Heading out to a Major League baseball game this season? You may be pleasantly surprised at the food stands, especially if hotdogs and nachos aren’t your thing. Yep—the locavore foodie trend has hit the major leagues.
“New offerings with a local flare at MLB ballparks this season include the Chicago White Sox’s Chicago pork chop sandwich and the Seattle Mariners’ salmon sandwich, featuring fresh Pacific salmon from waters local to Seattle,” reports Forbes. “What is unique about the updates ballparks are making to their menu selections is the role fans played in driving the changes.”
One way this is happening, explains Forbes is through hospitality distributor Centerplate, and its in-house design team, Stir Design. “Centerplate’s research found that sports fans largely desire concessions offerings that are created using local products,” explains Forbes. “Recognizing this, Centerplate through Stir Design looked for ways that stadium concessions items could incorporate a local flavor. ”
Not that a lack of good food will deter any fan from attending a game—but there’s a financial incentive for these stadiums to cater to the diverse appetite of its sports fans.
And how about this: “To incorporate local flavor, Centerplate has gone as far as planting a garden next to the Denver Convention Center that serves as the source of produce for its offerings at that location,” reports Forbes.

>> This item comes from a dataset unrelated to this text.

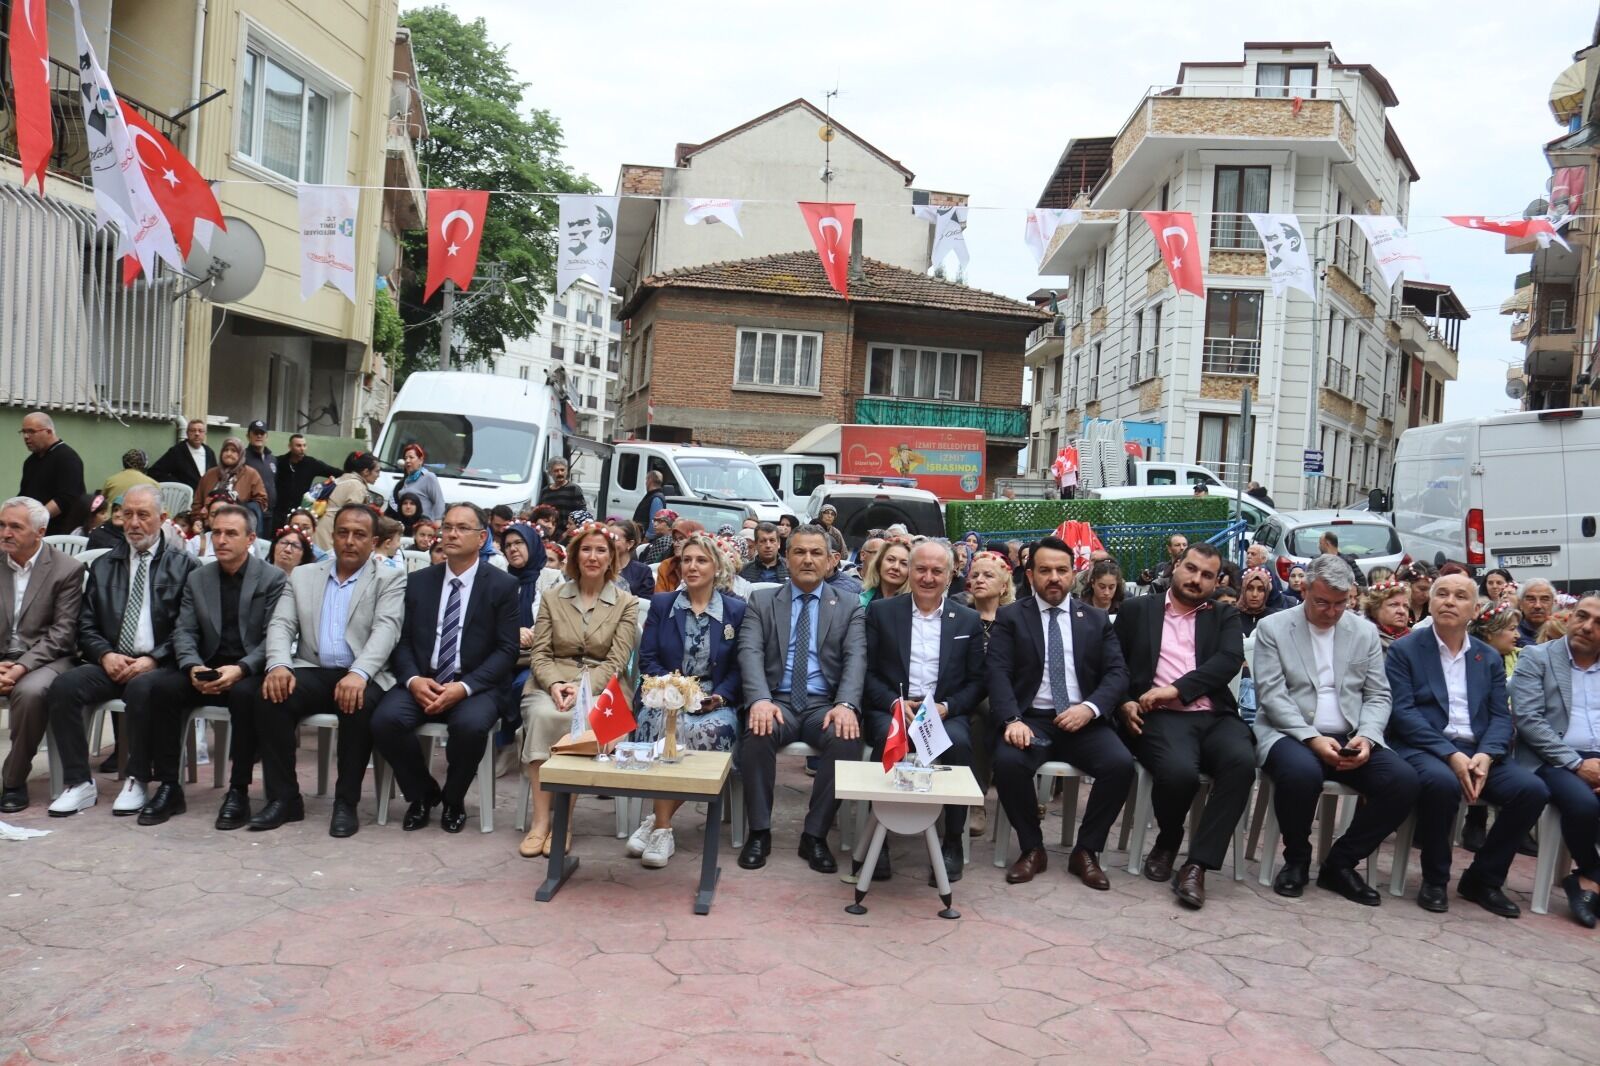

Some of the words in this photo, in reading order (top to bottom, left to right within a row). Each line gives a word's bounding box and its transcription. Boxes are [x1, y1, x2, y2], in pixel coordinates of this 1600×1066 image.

An edible garden. At a convention center. “Centerplate’s adoption of locally sourced ingredients and involvement of regional chefs in its business model is about more than making good food,” notes Forbes. “Rather, it is about driving fans to stadiums.”
So, these aren’t the purest of motives. But if locally sourced food is going to put fans in the seats, it’s a step in the right direction. Who knows, maybe next year stadiums will be selling gardening gear with team logos. Or ticket stubs made out of seed paper. Has someone patented a “homerun tomato” yet? Probably about time.